Force Energy

What is energy?

Energy is the ability to do work, while work is equal to the force being applied to move an object a certain distance in the direction determined by that force. So, energy is how much of the work is applied to the object by that force. The unique thing about energy is that it can be transformed.

Conservation of energy

The conservation of energy states that energy is only transferred from one state to another so that the total energy of a closed system is conserved.

For example, when an object falls, its potential energy is converted to kinetic energy, but the total sum of both energies (the mechanical energy of the system) is the same at every instant during the fall.

What is a moment?

The turning effect or a force produced around a pivot is called the moment of a force or torque. Examples of pivots are the hinges of an opening door or a nut turned by a spanner. Loosening a tight nut and a door opening around a fixed hinge both involve a moment.

While this is a rotatory motion around a fixed pivot, there are also other types of turning effects.

What are the types of moments of a force?

Apart from the rotatory aspect, we also need to note the direction in which the object moves. For instance, in the case of an analogue clock, all its hands rotate in the same direction around a fixed pivot located in its centre. The direction, in this case, is a clockwise one.

Clockwise moment

When a moment or a turning effect of a force about a point produces a clockwise movement, that moment is clockwise. In calculations, we take a clockwise moment as negative.

Anticlockwise moment

Similarly, when a moment or a turning effect of a force about a point produces an anticlockwise movement, that moment is anticlockwise. In calculations, we take an anticlockwise moment as positive.

How do we calculate a moment of a force?

The turning effect of a force, also known as torque, can be calculated by the formula:

\[T = r \cdot F \sin(\theta)\]

1. T = torque.
2. r = distance from the applied force.
3. F = applied force.
4. 𝜭 = Angle between F and the lever arm.

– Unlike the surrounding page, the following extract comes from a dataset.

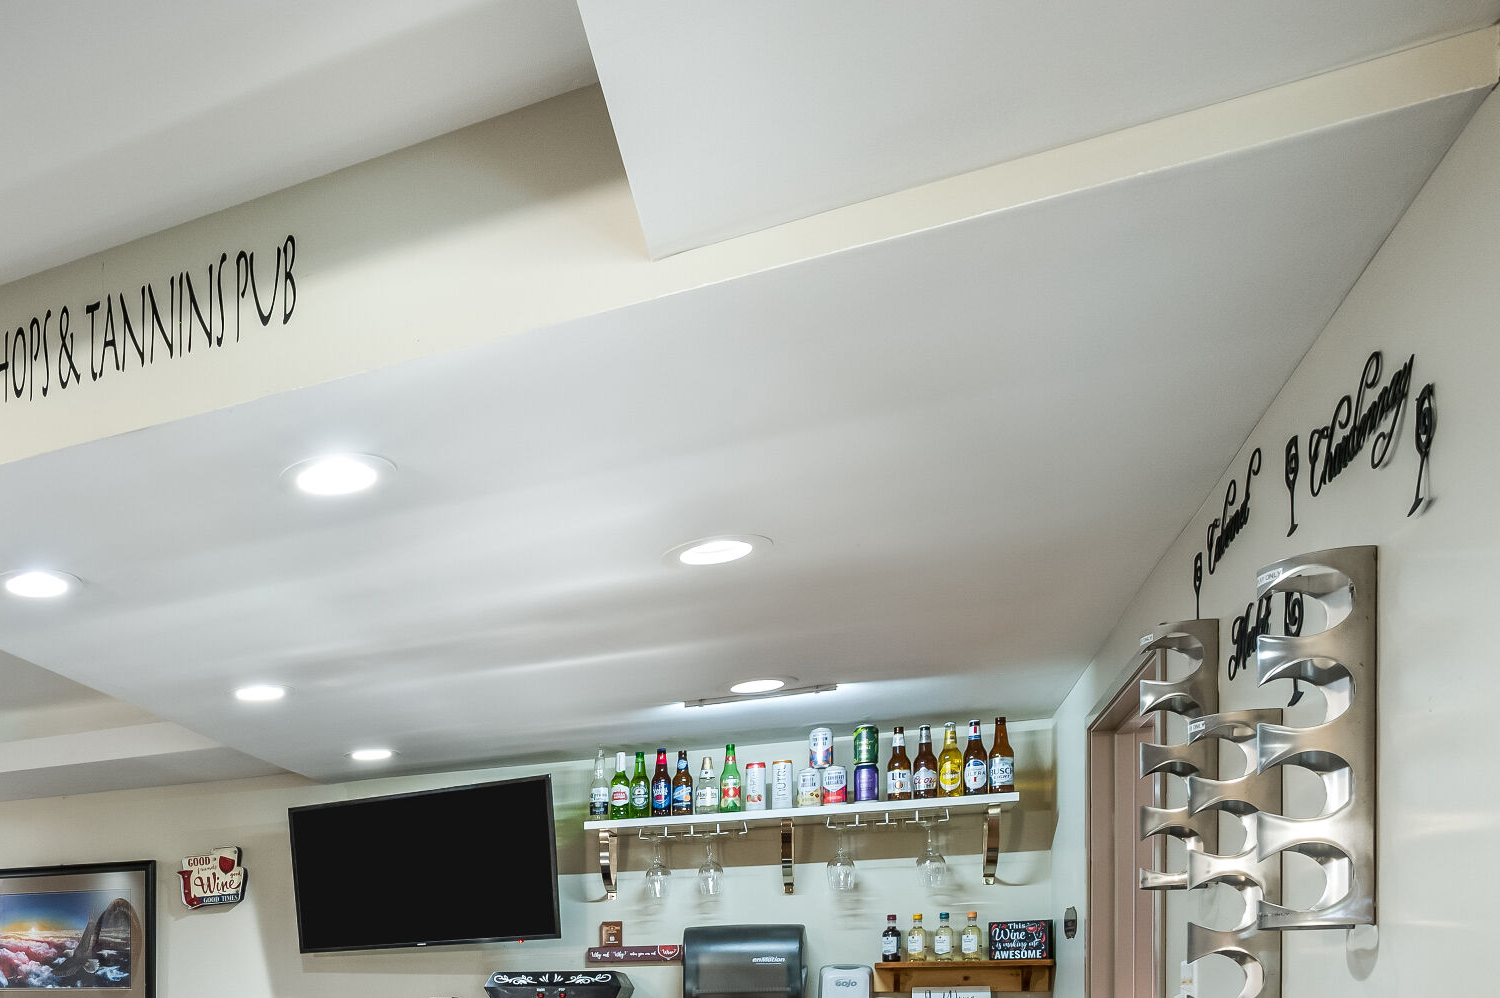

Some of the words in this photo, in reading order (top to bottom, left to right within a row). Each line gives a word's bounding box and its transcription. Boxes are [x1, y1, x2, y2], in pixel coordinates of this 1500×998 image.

In this diagram, two forces are acting: F₁ and F₂. If we want to find the moment of force F₁ around pivot point 2 (where force F₂ acts), this can be calculated by multiplying F₁ by the distance from point 1 to point 2:

\[\text{Moment of force} = F_1 \cdot D\]

However, to calculate the moment of force F₂ around pivot point 1 (where force F₁ acts), we have to improvise a little. Have a look at Figure 6 below.

F₂ is not perpendicular to the rod. We, therefore, need to find the component of the force F₂ that is perpendicular to the line of action of this force.

In this case, the formula becomes F₂ sin𝜭 (where 𝜭 is the angle between F₂ and the horizontal). So, the formula to calculate the torque around the force F₂ is:

\[\text{Moment of force} = F_2 \cdot \sin(\theta) \cdot D\]

The principle of moment

The principle of moment states that when a body is balanced around a pivotal point, the sum of the clockwise moment equals the sum of the anticlockwise moment. We say that the object is in equilibrium and will not move unless either one of the forces changes or the distance from the pivot of either of the forces changes. See the illustration below:

What is a couple?

In physics, a moment of a couple is two equal parallel forces, which are in opposite directions from each other and at the same distance from the pivot point, acting on an object and producing a turning effect. An example would be a driver turning the steering wheel of their car with both hands.

The defining feature of a couple is that, although there is a turning effect, the resultant force adds up to zero. Hence, there is no translational but only rotational movement.

To calculate the moment of a couple, we need to multiply either one of the forces by the distance between them. In the case of our example above, the calculation is:

\[\text{Moment of a couple} = F \cdot S\]

What is the unit of moment of a force?

As the unit of a force is Newton and the unit of the distance metres, the unit of moment becomes Newton per metre (Nm). A torque, therefore, is a vector quantity as it has a magnitude and a direction.